**What to do**
A faithful transcript of every entry is required; pictures do not belong in it.

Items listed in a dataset
══════════

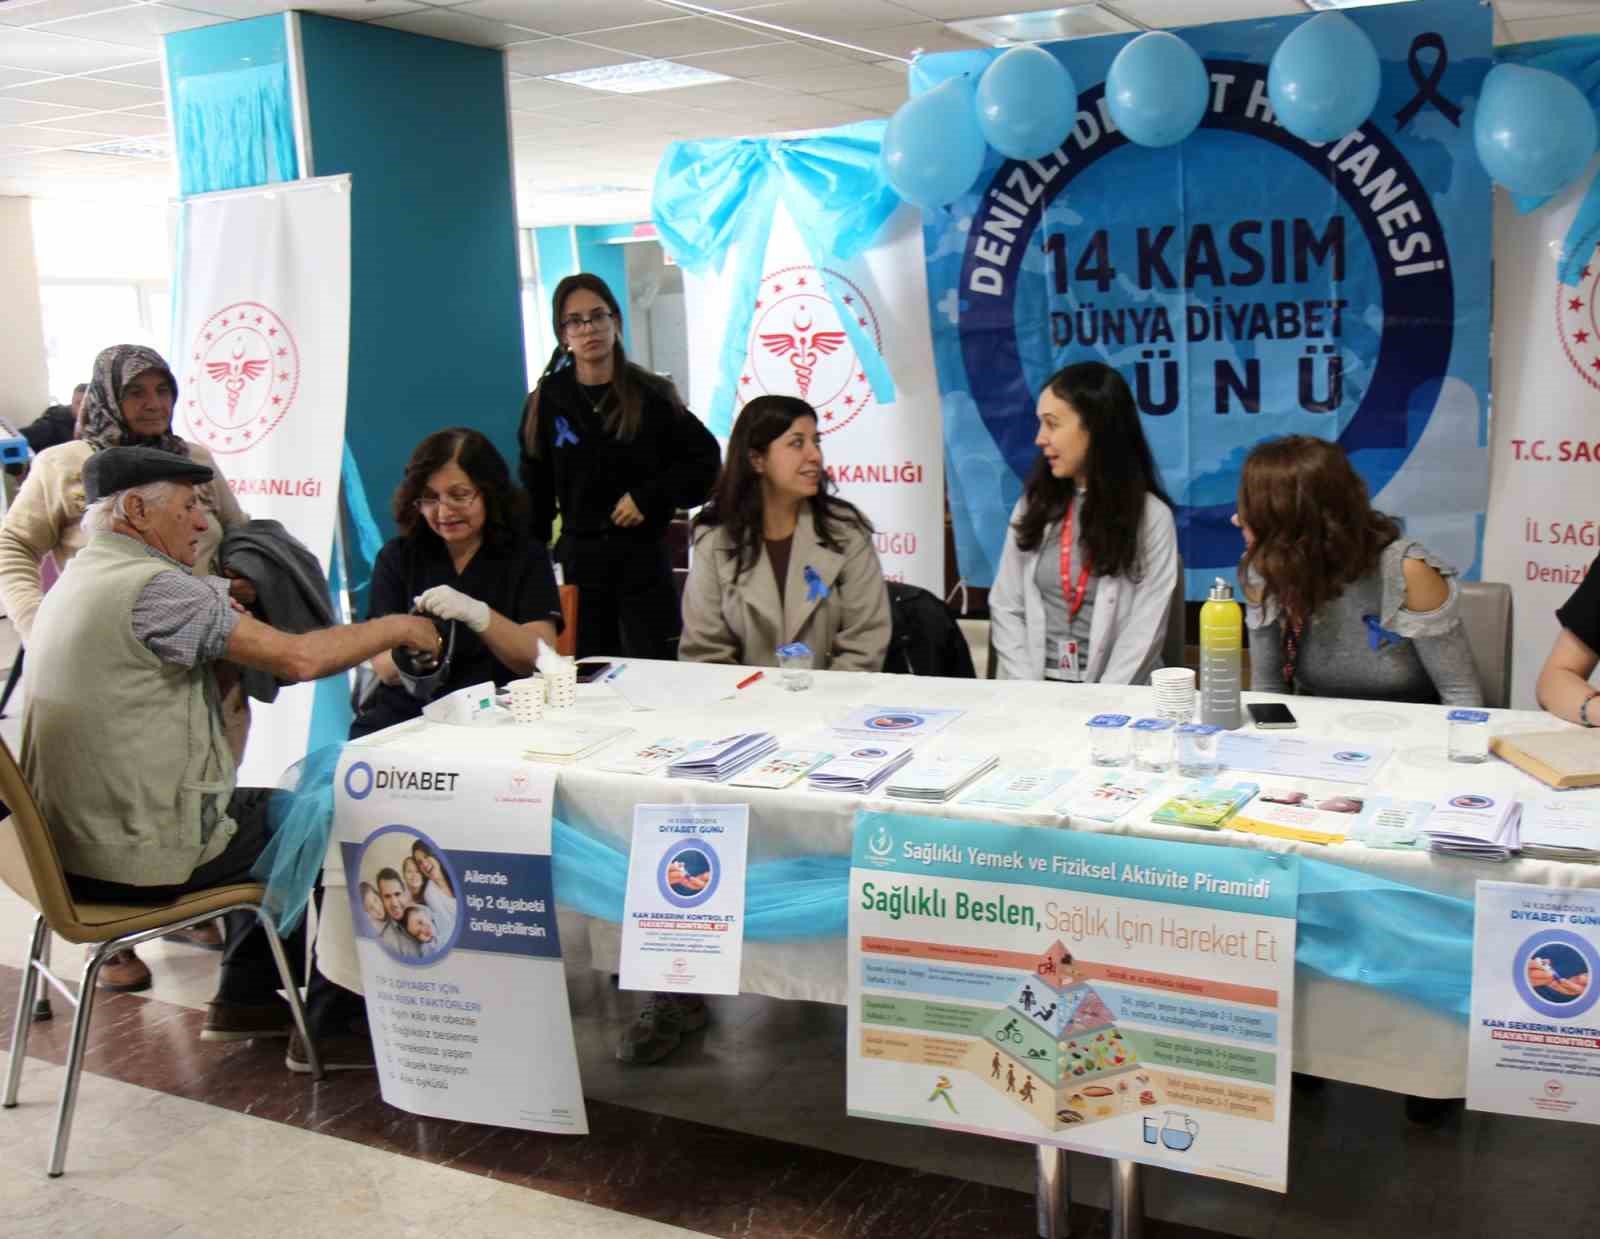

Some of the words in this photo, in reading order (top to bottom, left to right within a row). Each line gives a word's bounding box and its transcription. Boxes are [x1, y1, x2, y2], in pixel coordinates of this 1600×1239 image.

[1041, 229, 1116, 295] 14
[1136, 215, 1346, 290] KASIM
[1050, 302, 1175, 347] DÜNYA
[1185, 296, 1348, 343] DİYABET
[1134, 345, 1344, 417] ÜNÜ
[826, 460, 924, 484] AKANLIĞI
[1511, 440, 1552, 462] T.C.
[375, 766, 460, 792] DİYABET
[903, 840, 963, 865] Sağlıklı
[967, 847, 1024, 869] Yemek
[1028, 857, 1048, 872] ve
[1052, 854, 1117, 881] Fiziksel
[1121, 864, 1188, 889] Aktivite
[1193, 872, 1271, 899] Piramidi
[485, 895, 494, 910] 2
[861, 881, 946, 921] Sağlıklı
[955, 891, 1042, 932] Beslen,
[1044, 901, 1109, 943] Sağlık
[1159, 917, 1249, 958] Hareket
[1254, 929, 1278, 963] Et
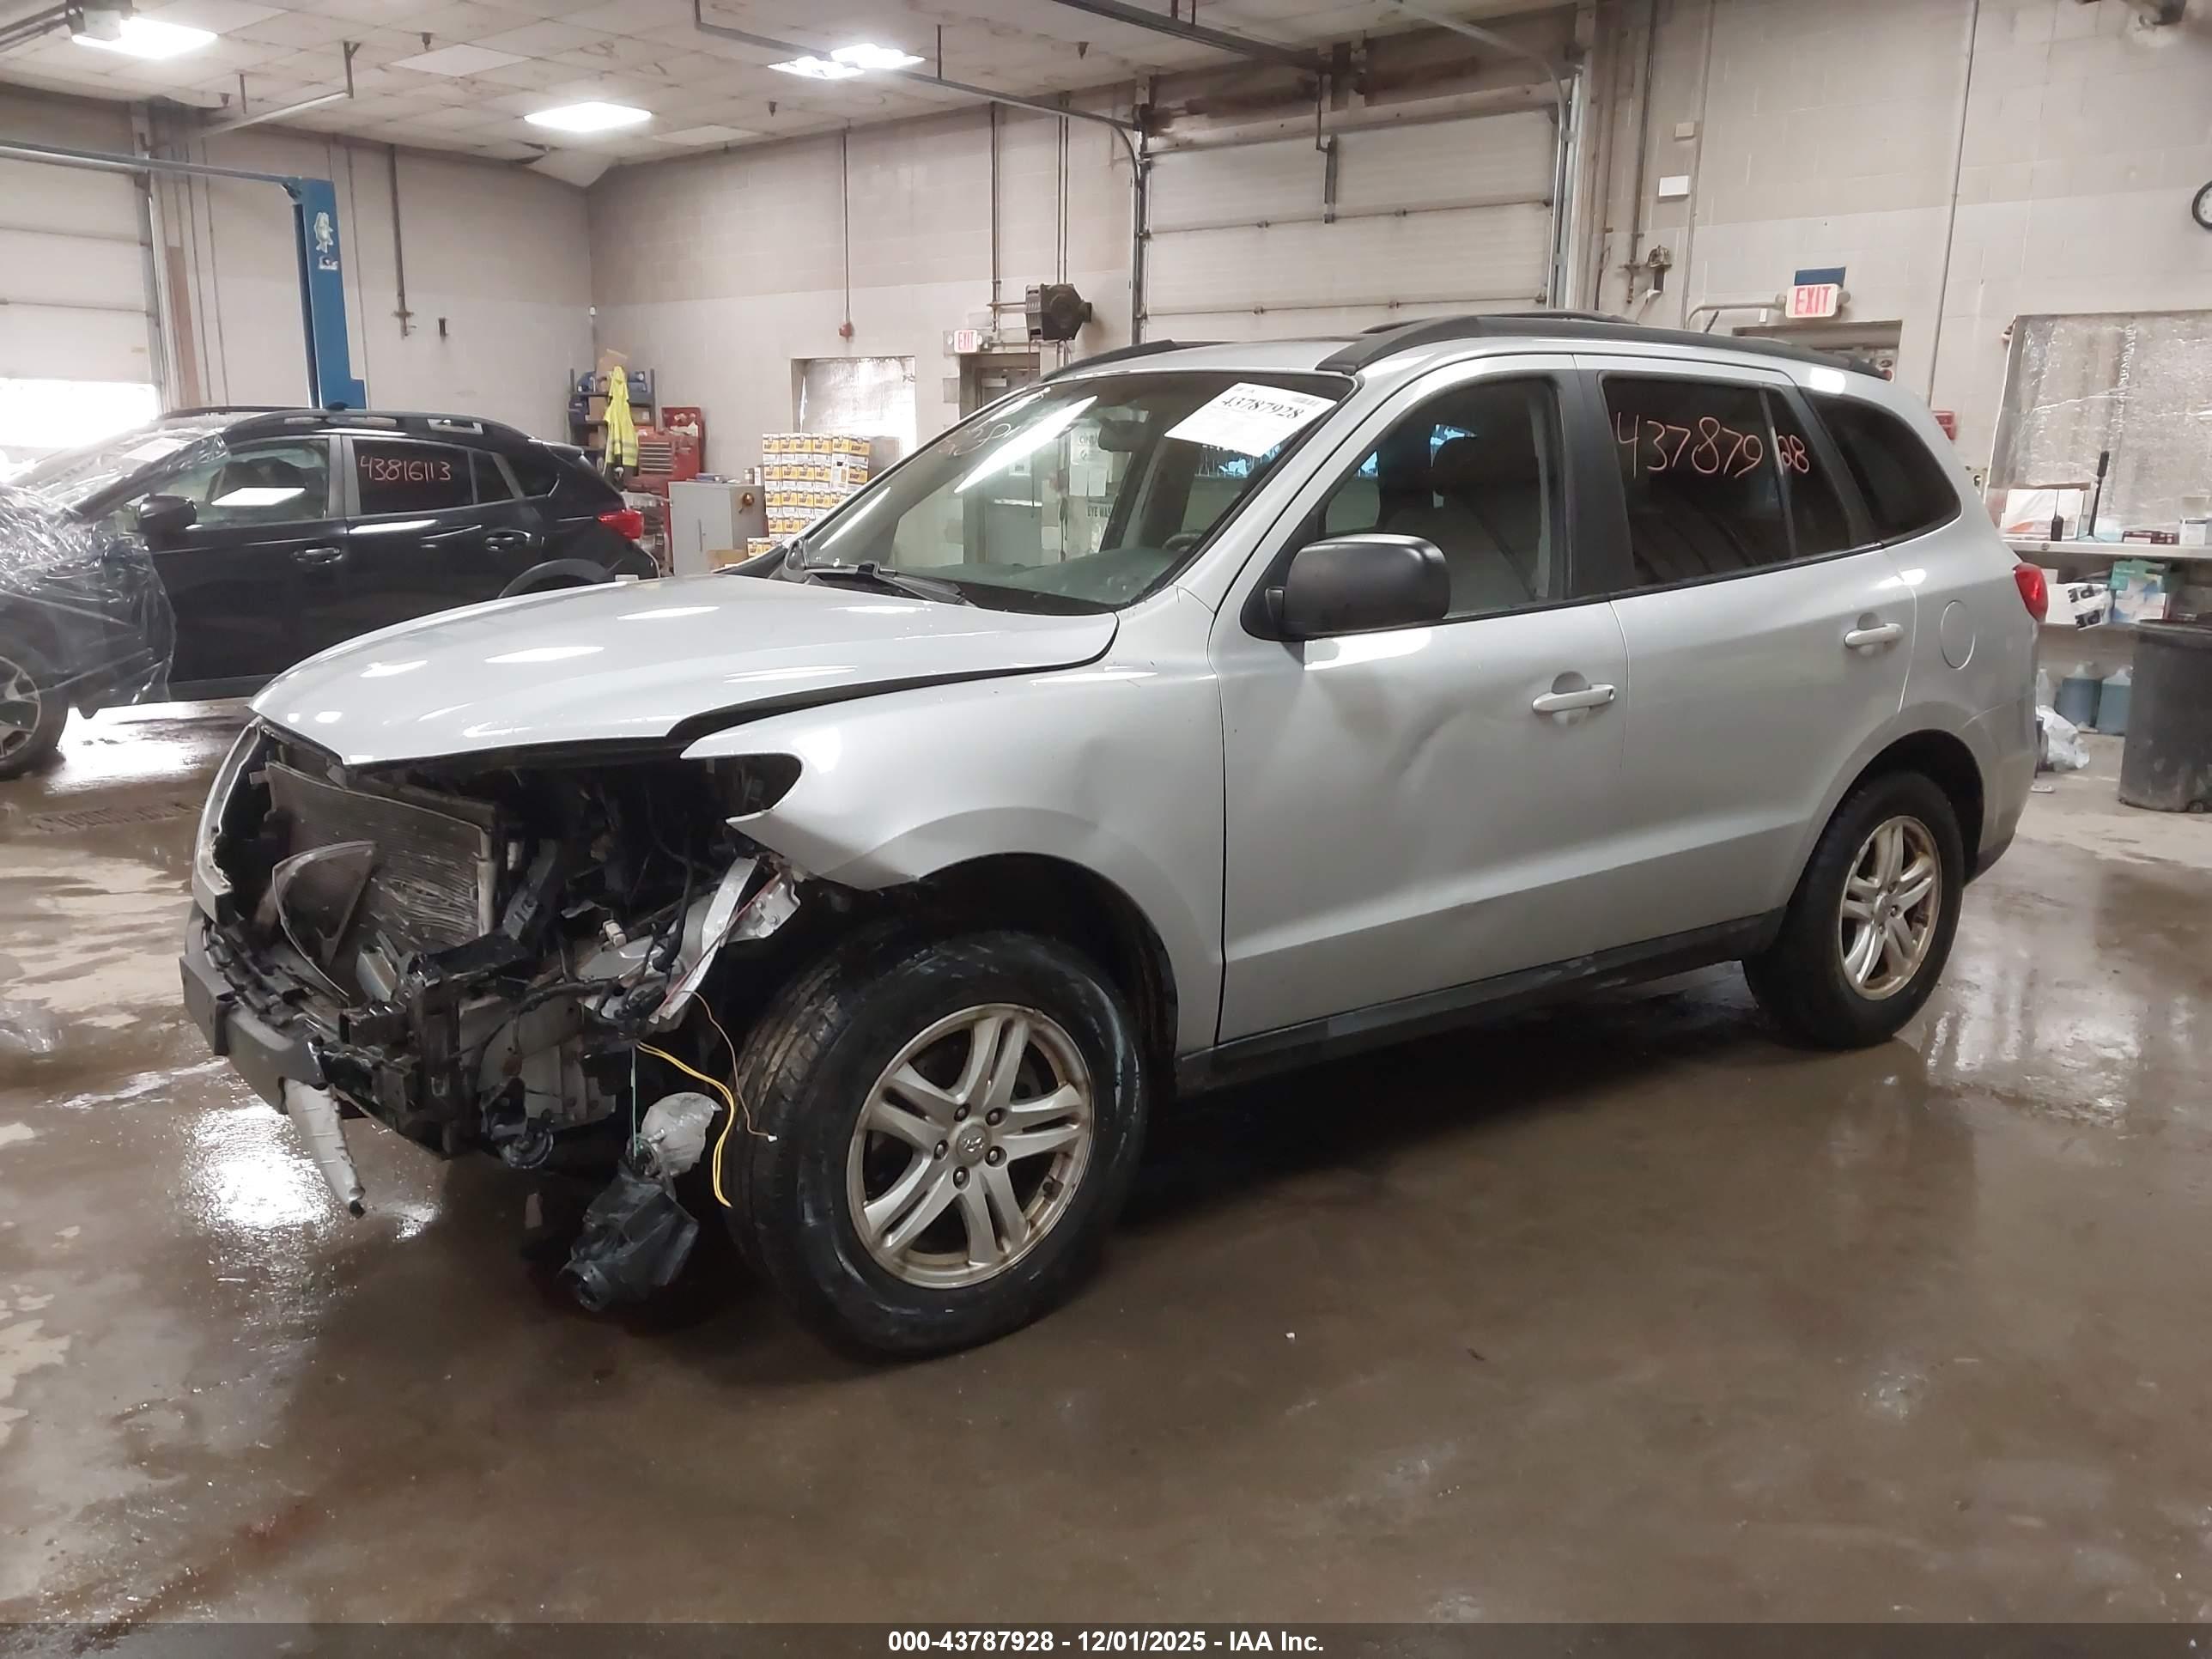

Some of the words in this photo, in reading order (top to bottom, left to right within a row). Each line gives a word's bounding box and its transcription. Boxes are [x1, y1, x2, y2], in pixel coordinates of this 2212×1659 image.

[1794, 286, 1831, 315] EXIT
[957, 331, 974, 350] EXIT
[1221, 396, 1304, 419] 43787928
[360, 455, 452, 481] 43816113

══════════

**Written solution**
Some of the words in this photo, in reading order (top to bottom, left to right within a row). Each line gives a word's bounding box and its transcription. Boxes are [x1, y1, x2, y2], in pixel coordinates of this 1600×1239 image.

[1041, 229, 1116, 295] 14
[1136, 215, 1346, 290] KASIM
[1050, 302, 1175, 347] DÜNYA
[1185, 296, 1348, 343] DİYABET
[1134, 345, 1344, 417] ÜNÜ
[826, 460, 924, 484] AKANLIĞI
[1511, 440, 1552, 462] T.C.
[375, 766, 460, 792] DİYABET
[903, 840, 963, 865] Sağlıklı
[967, 847, 1024, 869] Yemek
[1028, 857, 1048, 872] ve
[1052, 854, 1117, 881] Fiziksel
[1121, 864, 1188, 889] Aktivite
[1193, 872, 1271, 899] Piramidi
[485, 895, 494, 910] 2
[861, 881, 946, 921] Sağlıklı
[955, 891, 1042, 932] Beslen,
[1044, 901, 1109, 943] Sağlık
[1159, 917, 1249, 958] Hareket
[1254, 929, 1278, 963] Et

Some of the words in this photo, in reading order (top to bottom, left to right within a row). Each line gives a word's bounding box and its transcription. Boxes are [x1, y1, x2, y2], in pixel coordinates of this 2212×1659 image.

[1794, 286, 1831, 315] EXIT
[957, 331, 974, 350] EXIT
[1221, 396, 1304, 419] 43787928
[360, 455, 452, 481] 43816113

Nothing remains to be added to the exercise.